• _INFORMATION GIVEN_
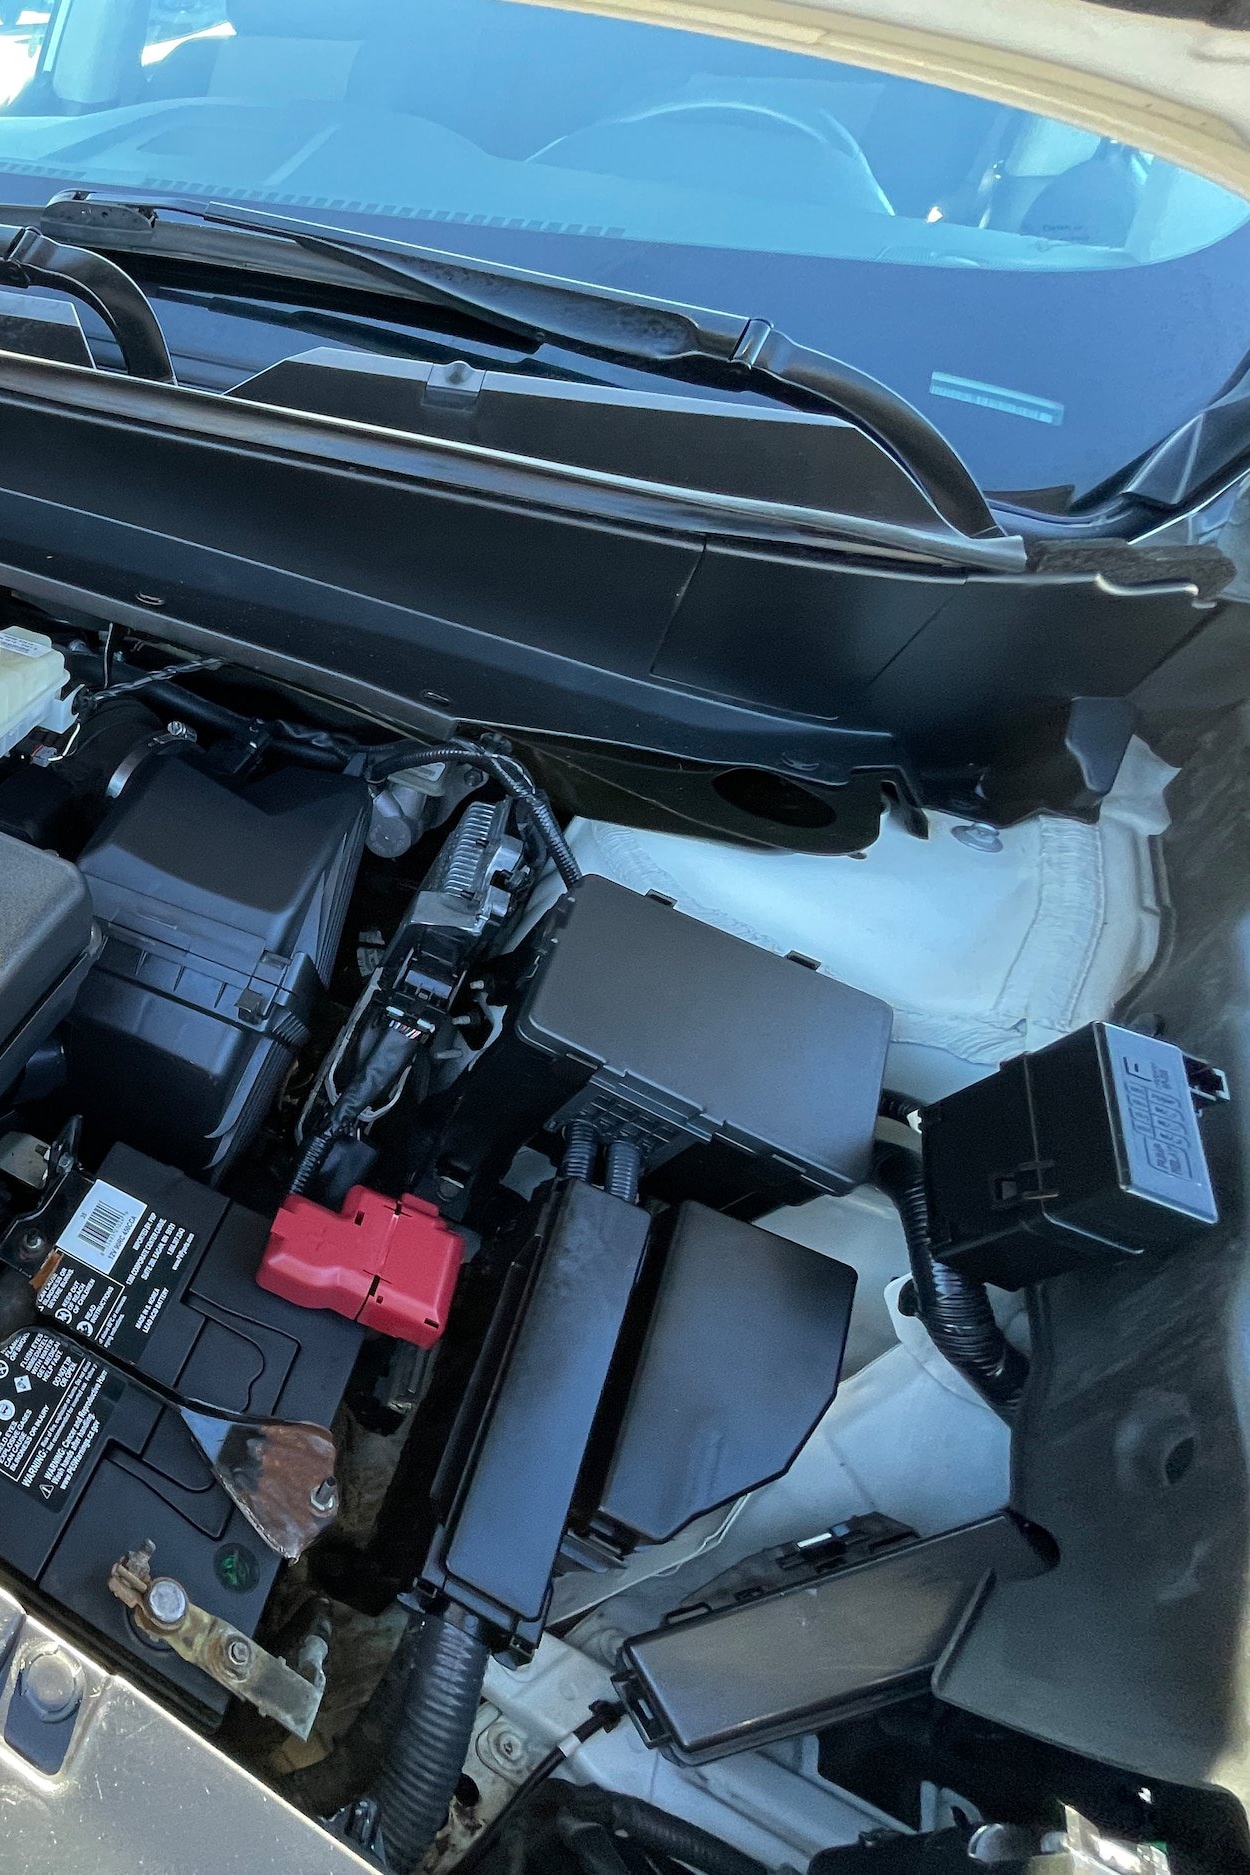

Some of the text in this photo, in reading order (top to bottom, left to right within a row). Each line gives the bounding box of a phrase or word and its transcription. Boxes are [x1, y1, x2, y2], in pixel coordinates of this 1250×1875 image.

[107, 1248, 117, 1260] 12V
[130, 1248, 150, 1276] CORPORATE
[144, 1231, 158, 1250] CENTER
[41, 1267, 67, 1306] BLINDNESS OR
[46, 1286, 63, 1309] SEVERE
[61, 1280, 80, 1307] KEEP OUT
[67, 1282, 86, 1311] OF REACH
[72, 1278, 95, 1314] OF CHILDREN
[147, 1287, 160, 1305] KOREA
[84, 1304, 96, 1320] READ
[89, 1285, 114, 1324] INSTRUCTIONS
[142, 1319, 153, 1333] LEAD
[154, 1287, 169, 1309] BATTERY
[9, 1350, 18, 1361] OR
[19, 1332, 43, 1368] FLUSH EYES
[30, 1338, 54, 1375] WITH WATER
[36, 1364, 46, 1378] GET
[41, 1364, 53, 1382] HELP
[52, 1356, 72, 1387] DO NOT TIP
[59, 1376, 69, 1387] OR
[77, 1382, 101, 1418] Reproductive
[16, 1408, 32, 1430] GASES
[73, 1415, 83, 1429] and
[3, 1431, 27, 1467] CAN CAUSE
[9, 1404, 49, 1472] BLINDNESS OR INJURY
[61, 1426, 77, 1448] Cancer
[21, 1448, 48, 1487] WARNING:
[43, 1447, 67, 1480] WARNING:
[50, 1467, 65, 1485] Wash
[59, 1449, 75, 1469] hands
[70, 1435, 81, 1451] after

• _EXERCISE_
What is needed is the whole listing again, set down exactly, without its pictures.

• _RESPONSE TO THIS TASK_
Some of the text in this photo, in reading order (top to bottom, left to right within a row). Each line gives the bounding box of a phrase or word and its transcription. Boxes are [x1, y1, x2, y2], in pixel coordinates of this 1250×1875 image.

[107, 1248, 117, 1260] 12V
[130, 1248, 150, 1276] CORPORATE
[144, 1231, 158, 1250] CENTER
[41, 1267, 67, 1306] BLINDNESS OR
[46, 1286, 63, 1309] SEVERE
[61, 1280, 80, 1307] KEEP OUT
[67, 1282, 86, 1311] OF REACH
[72, 1278, 95, 1314] OF CHILDREN
[147, 1287, 160, 1305] KOREA
[84, 1304, 96, 1320] READ
[89, 1285, 114, 1324] INSTRUCTIONS
[142, 1319, 153, 1333] LEAD
[154, 1287, 169, 1309] BATTERY
[9, 1350, 18, 1361] OR
[19, 1332, 43, 1368] FLUSH EYES
[30, 1338, 54, 1375] WITH WATER
[36, 1364, 46, 1378] GET
[41, 1364, 53, 1382] HELP
[52, 1356, 72, 1387] DO NOT TIP
[59, 1376, 69, 1387] OR
[77, 1382, 101, 1418] Reproductive
[16, 1408, 32, 1430] GASES
[73, 1415, 83, 1429] and
[3, 1431, 27, 1467] CAN CAUSE
[9, 1404, 49, 1472] BLINDNESS OR INJURY
[61, 1426, 77, 1448] Cancer
[21, 1448, 48, 1487] WARNING:
[43, 1447, 67, 1480] WARNING:
[50, 1467, 65, 1485] Wash
[59, 1449, 75, 1469] hands
[70, 1435, 81, 1451] after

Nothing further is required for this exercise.